:: What to produce ::
The pictures do not belong in the copy. Restate all of the records word for word.

Segment Start: Records shown

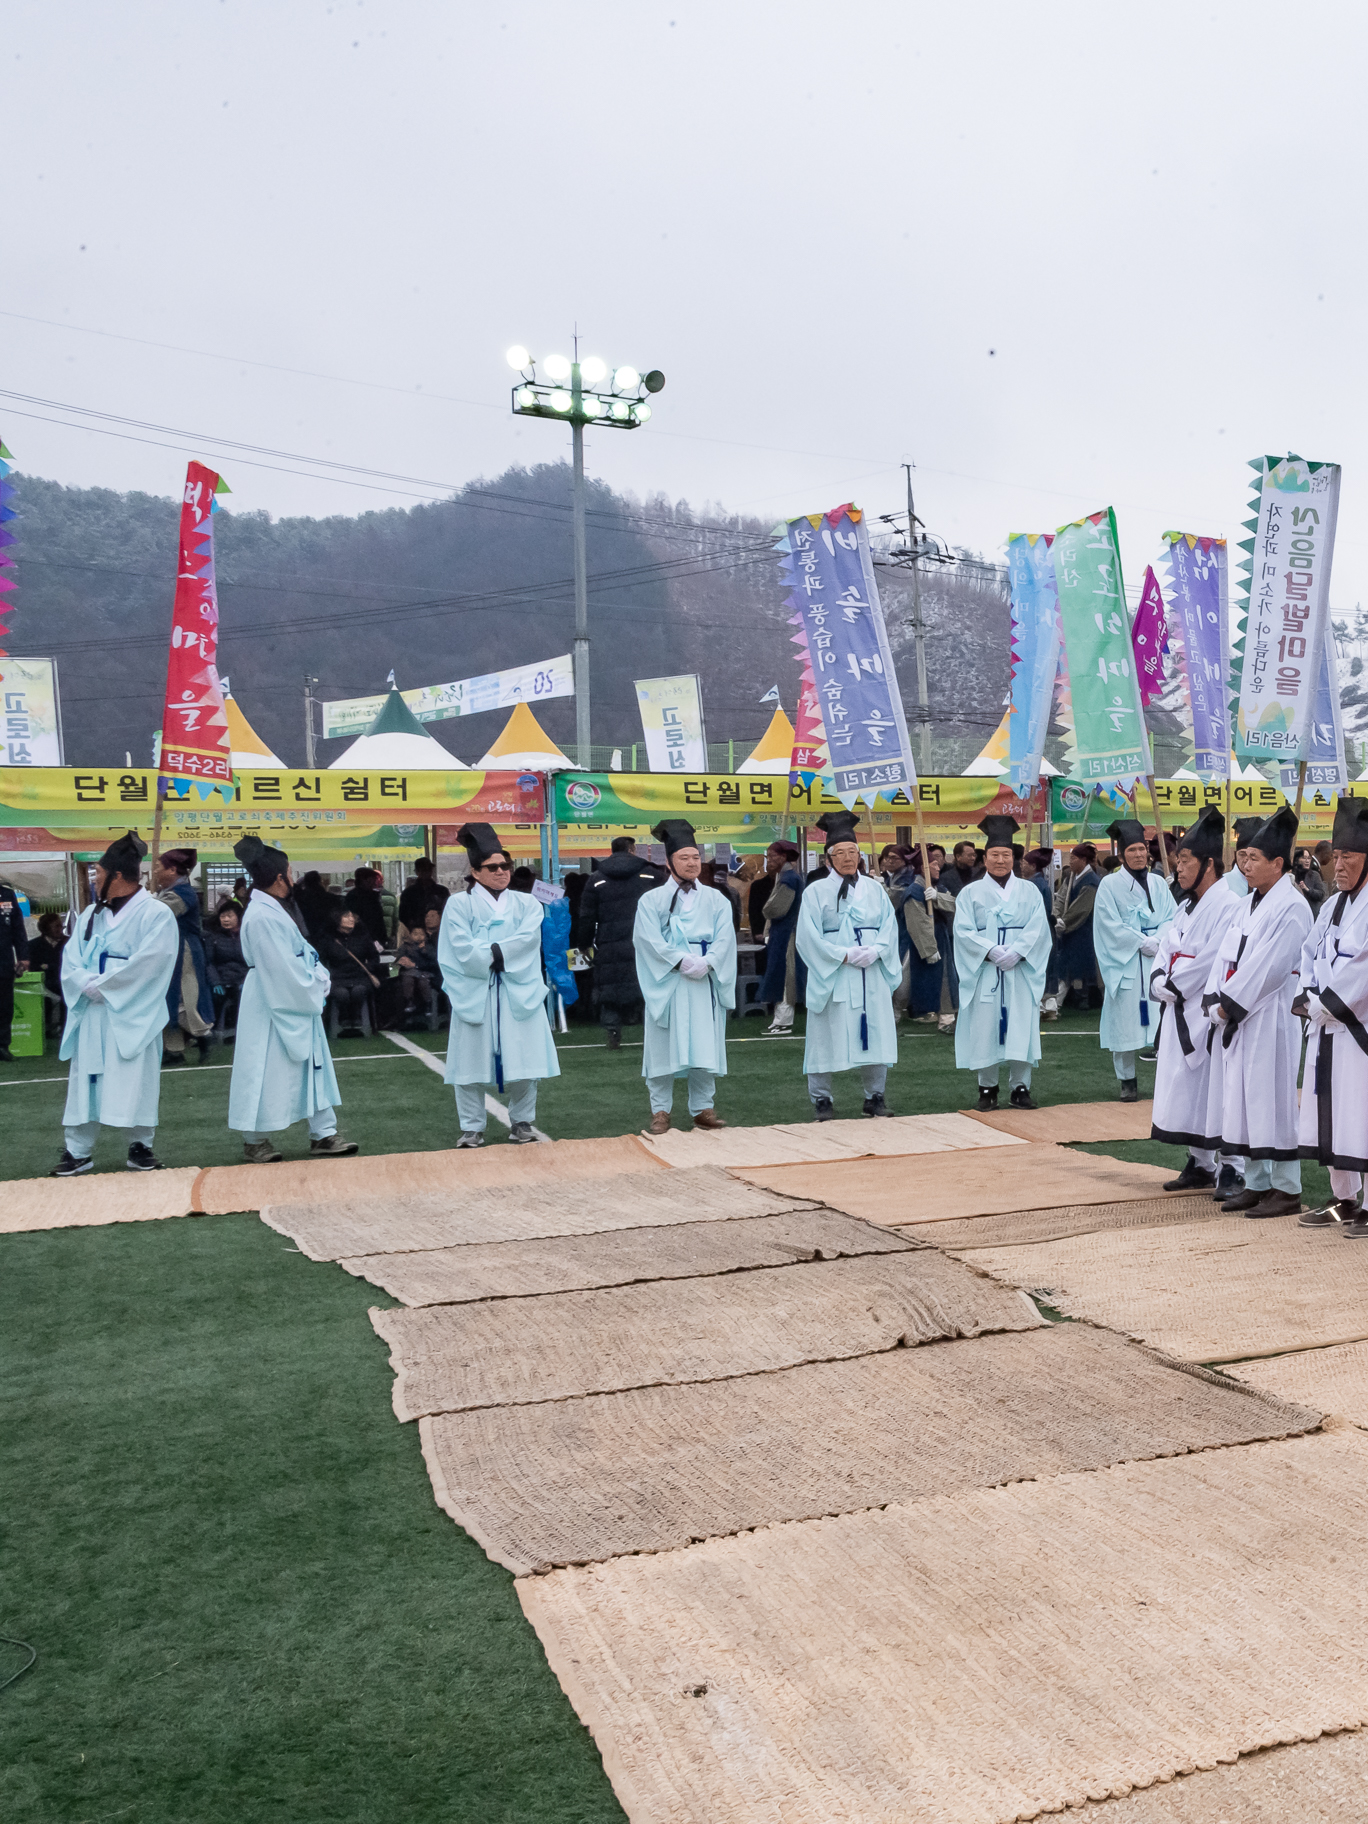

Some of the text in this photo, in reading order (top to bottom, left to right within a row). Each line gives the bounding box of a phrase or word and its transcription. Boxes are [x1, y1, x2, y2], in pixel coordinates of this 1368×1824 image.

[167, 752, 230, 778] 덕수2리
[341, 776, 408, 802] 쉼터
[683, 781, 773, 805] 단월면
[173, 811, 347, 823] 양평단월고로쇠축제추진위원회

Segment End: Records shown

:: Response area ::
Some of the text in this photo, in reading order (top to bottom, left to right within a row). Each line gives the bounding box of a phrase or word and its transcription. Boxes are [x1, y1, x2, y2], in pixel coordinates of this 1368×1824 image.

[167, 752, 230, 778] 덕수2리
[341, 776, 408, 802] 쉼터
[683, 781, 773, 805] 단월면
[173, 811, 347, 823] 양평단월고로쇠축제추진위원회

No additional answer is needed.